Interviewer: Samuel S. Taylor
Person interviewed: J.F. Boone
1502 Izard, Little Rock, Arkansas
[HW: A Union Veteran]
"My father's name was Arthur Boone and my mother's name was Eliza Boone,
I am goin' to tell you about my father. Now be sure you put down there
that this is Arthur Boone's son. I am J.F. Boone, and I am goin' to tell
you about my father, Arthur Boone.
"My father's old master was Henry Boone. My mother came from
Virginia--north Virginia--and my father came from North Carolina. The
Boones bought them. I have heard that my father, Arthur Boone, was
bought by the Boones. They wasn't his first masters. I have heard my
father say that it was more than a thousand dollars they paid for him.
"He said that they used to put up niggers on the block and auction them
off. They auctioned off niggers accordin' to the breed of them. Like
they auction off dogs and horses. The better the breed, the more they'd
pay. My father was in the first-class rating as a good healthy Negro and
those kind sold for good money. I have heard him say that niggers
sometimes brought as high as five thousand dollars.
"My father don't know much about his first boss man. But the Boones were
very good to them. They got biscuits once a week. The overseer was
pretty cruel to them in a way. My father has seen them whipped till they
couldn't stand up and then salt and things that hurt poured in their
wounds. My father said that he seen that done; I don't know whether it
was his boss man or the overseer that done it.
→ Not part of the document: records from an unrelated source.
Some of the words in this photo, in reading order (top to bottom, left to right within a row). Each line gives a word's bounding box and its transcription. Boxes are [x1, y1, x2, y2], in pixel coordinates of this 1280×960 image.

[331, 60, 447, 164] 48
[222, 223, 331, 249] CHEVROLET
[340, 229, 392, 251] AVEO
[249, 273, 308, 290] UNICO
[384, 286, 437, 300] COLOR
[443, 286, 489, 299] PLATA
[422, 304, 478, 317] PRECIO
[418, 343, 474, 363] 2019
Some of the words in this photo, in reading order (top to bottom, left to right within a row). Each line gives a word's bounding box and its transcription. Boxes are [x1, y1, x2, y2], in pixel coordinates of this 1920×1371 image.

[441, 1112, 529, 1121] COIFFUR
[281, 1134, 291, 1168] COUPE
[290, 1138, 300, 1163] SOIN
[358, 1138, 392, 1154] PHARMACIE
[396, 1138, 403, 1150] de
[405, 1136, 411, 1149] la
"My father said that they breeded good niggers--stud 'em like horses and
cattle. Good healthy man and woman that would breed fast, they would
keep stalled up. Wouldn't let them get out and work. Keep them to raise
young niggers from. I don't know for certain that my father was used
that way or not. I don't suppose he would have told me that, but he was
a mighty fine man and he sold for a lot of money. The slaves weren't to
blame for that.
"My father said that in about two or three months after the War ended,
his young master told them that they were free. They came home from the
War about that time. He told them that they could continue living on
with them or that they could go to some one else if they wanted to
'cause they were free and there wasn't any more slavery.
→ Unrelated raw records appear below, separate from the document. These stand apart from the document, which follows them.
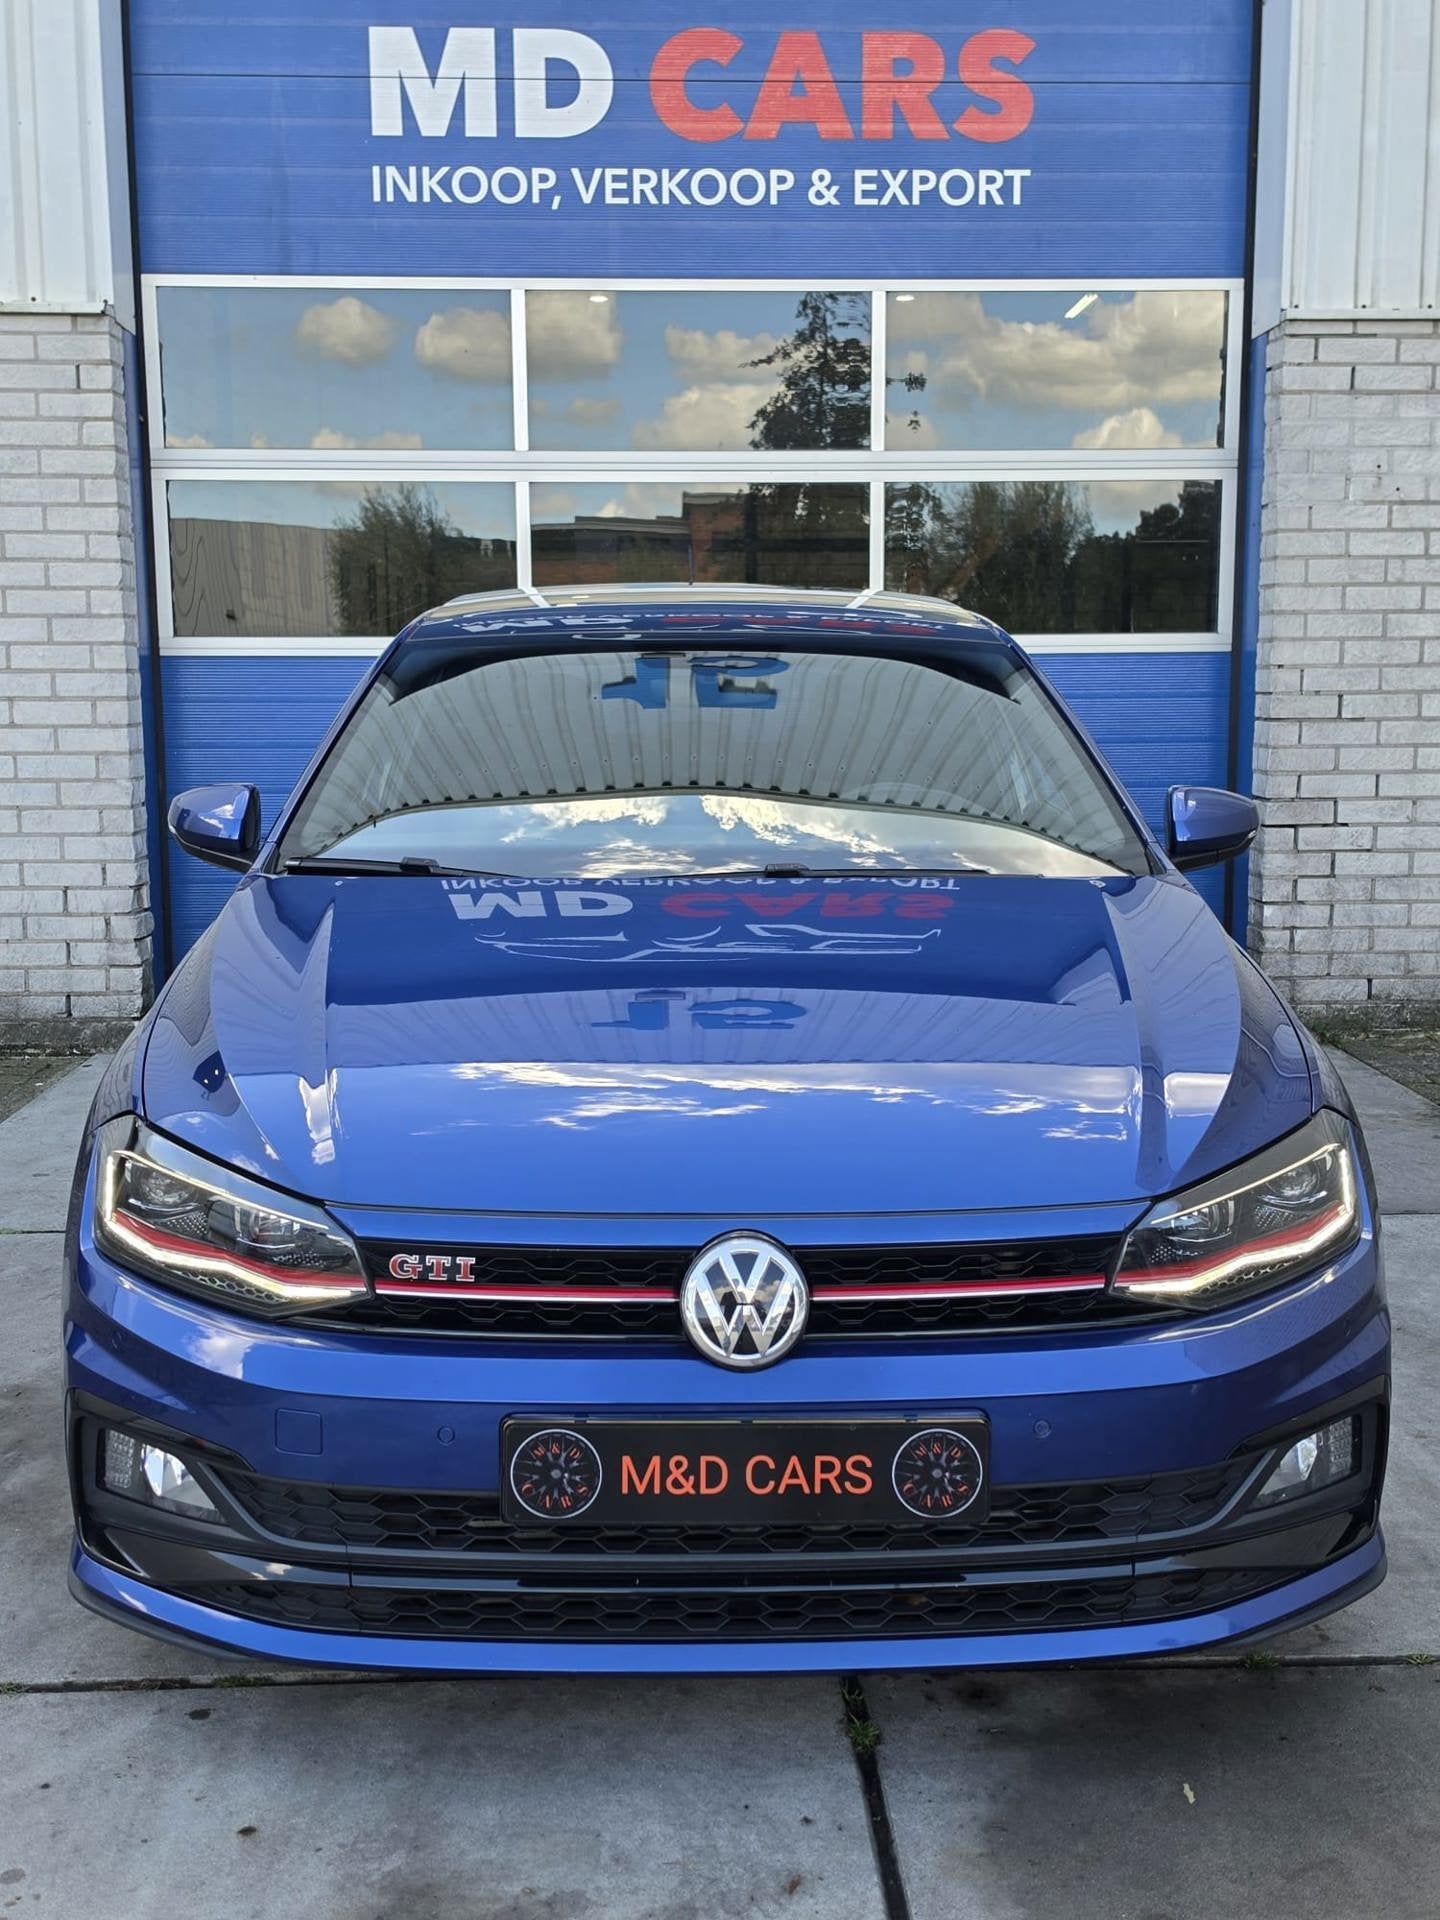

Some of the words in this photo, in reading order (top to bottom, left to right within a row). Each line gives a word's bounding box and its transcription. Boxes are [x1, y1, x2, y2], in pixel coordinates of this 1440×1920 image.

[368, 26, 614, 138] MD
[649, 26, 1037, 144] CARS
[372, 165, 562, 210] INKOOP,
[571, 167, 795, 206] VERKOOP
[808, 168, 841, 206] &
[854, 168, 1031, 206] EXPORT
[389, 1253, 475, 1282] GTI
[621, 1454, 729, 1496] M&D
[745, 1454, 873, 1496] CARS
"I was born after slavery. Peace was declared in 1865, wasn't it? When
the War ended I don't know where my father was living, but I was bred
and born in Woodruff near Augusta in Arkansas. All the Booneses were
there when I knew anything about it. They owned hundreds and hundreds of
acres of ground. I was born on old Captain Boone's farm.
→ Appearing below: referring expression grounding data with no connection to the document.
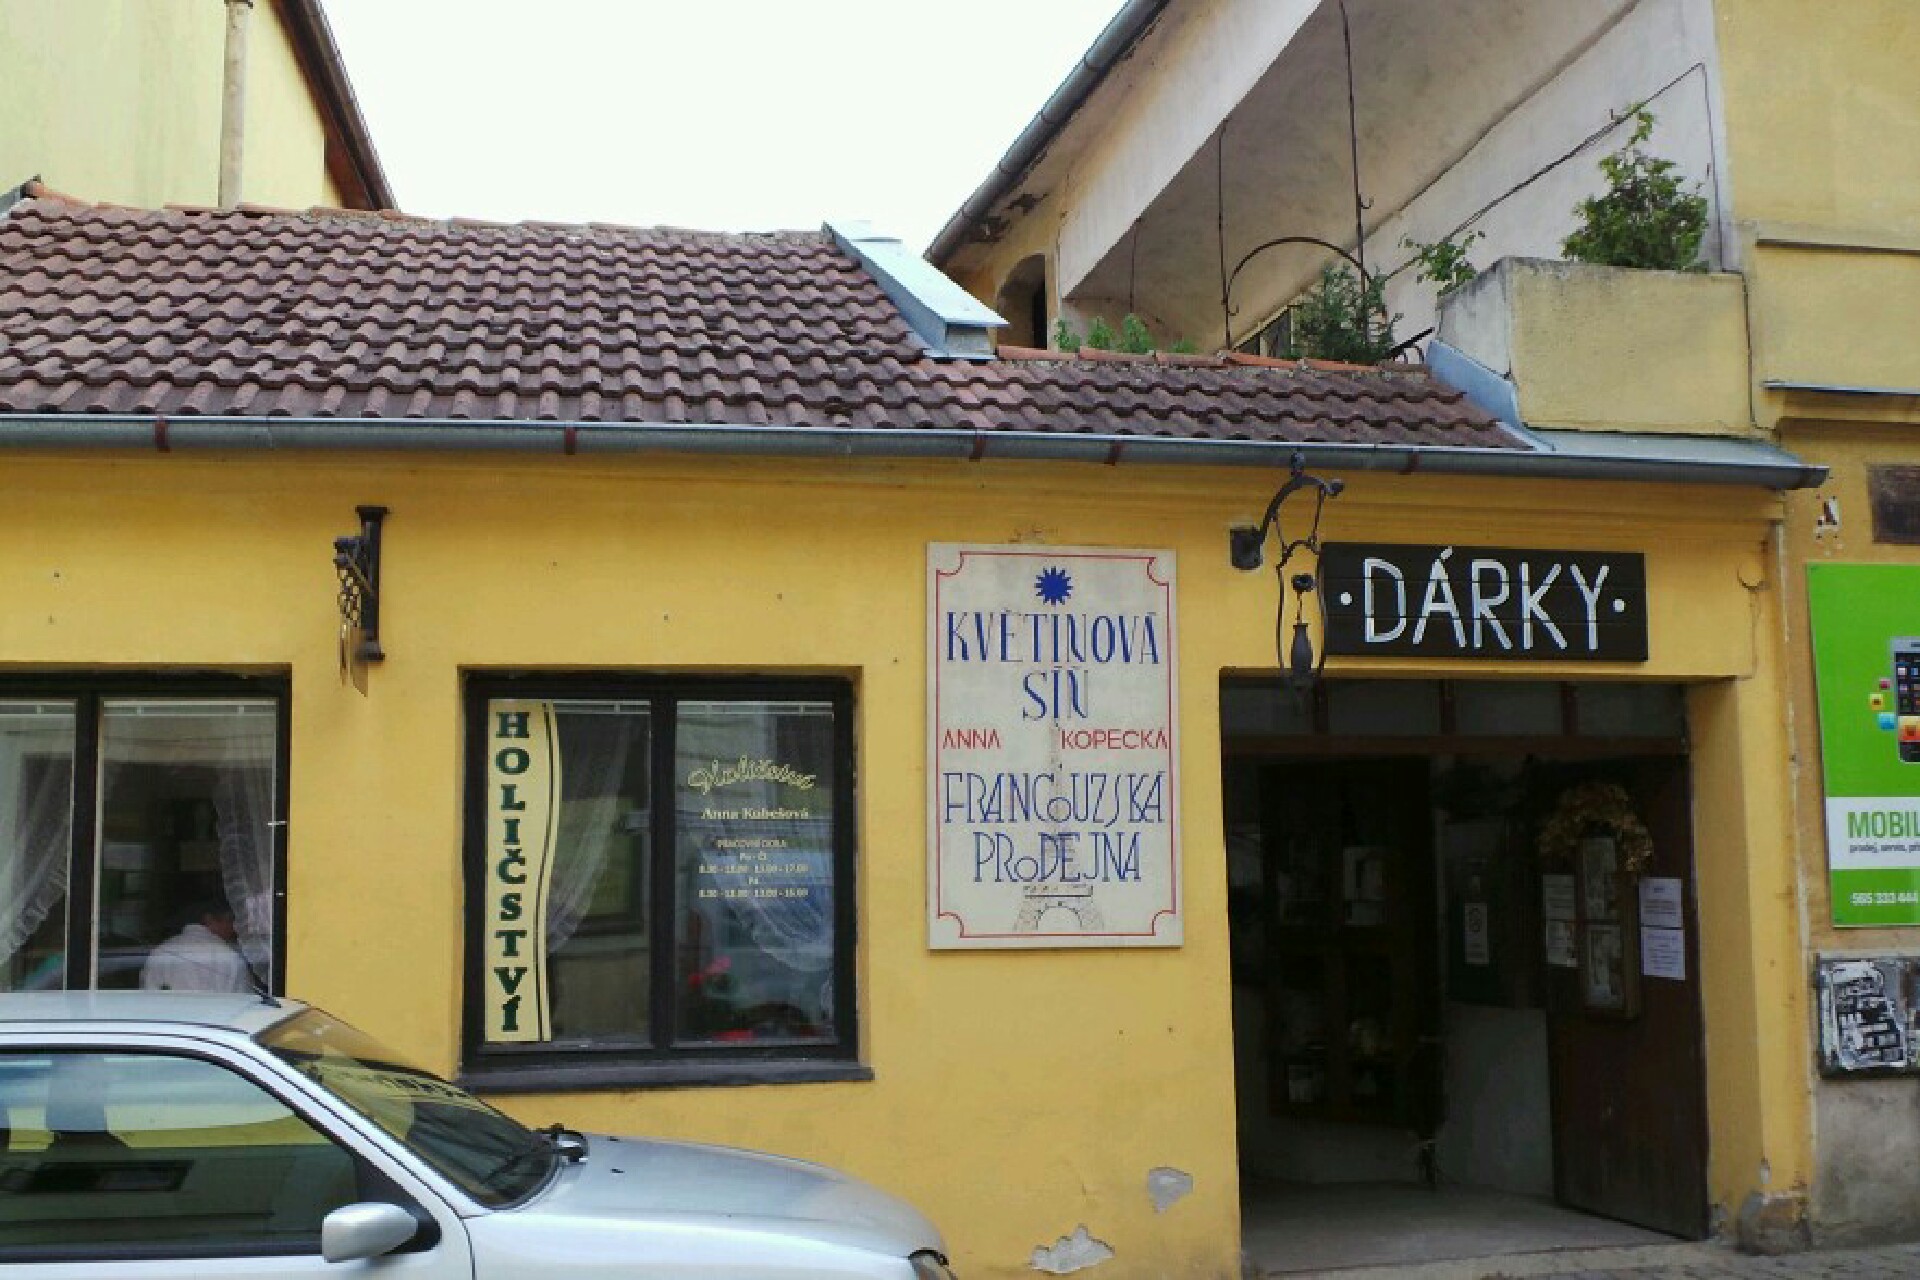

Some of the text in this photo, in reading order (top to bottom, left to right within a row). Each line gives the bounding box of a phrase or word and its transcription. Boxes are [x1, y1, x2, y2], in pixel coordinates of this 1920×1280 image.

[1363, 546, 1610, 650] DÁRKY
[946, 607, 1159, 664] KVĚTINOVÁ
[1022, 665, 1089, 721] SÍŇ
[942, 728, 1001, 750] ANNA
[701, 807, 809, 820] Anna Kubešová
[943, 770, 1166, 828] FRANCOUZSKÁ
[494, 711, 530, 1032] HOLIČSTVÍ
[972, 830, 1142, 883] PRODEJNA
"My father was always a farmer. He farmed till he died. They were
supposed to give him a pension, but he never did get it. They wrote to
us once or twice and asked for his number and things like that, but they
never did do nothing. You see he fit in the Civil War. Wait a minute. We
had his old gun for years. My oldest brother had that gun. He kept that
gun and them old blue uniforms with big brass buttons. My old master had
a horn he blowed to call the slaves with, and my brother had that too.
He kept them things as particular as you would keep victuals.
"Yes, my father fit in the Civil War. I have seen his war clothes as
many times as you have hairs on your head I reckon. He had his old sword
and all. They had a hard battle down in Mississippi once he told me. Our
house got burnt up and we lost his honorable discharge. But he was
legally discharged. But he didn't git nothin' for it, and we didn't
"My father was whipped by the pateroles several times. They run him and
whipped him. My daddy slipped out many a time. But they never caught him
when he slipped out. They never whipped him for slippin' out. That was
during the time he was a slave. The slaves wasn't allowed to go from one
master to another without a pass. My father said that sometimes, his
young master would play a joke on him. My father couldn't read. His
young master would give him a pass and the pass would say, 'Whip Arthur
Boone's --- and pass him out. When he comes back, whip his --- again and
pass him back.' His young master called hisself playin' a joke on him.
They wouldn't hit him more than half a dozen licks, but they would make
him take his pants down and they would give them to him jus' where the
pass said. They wouldn't hurt him much. It was more devilment than
anything else. He would say, 'Whut you hittin' me for when I got a
pass?' and they would say, 'Yes, you got a pass, but it says whip your
---.' And they would show it to him, and then they would say, 'You'll
git the res' when you come back.' My father couldn't read nothin' else,
but that's one word he learnt to read right well.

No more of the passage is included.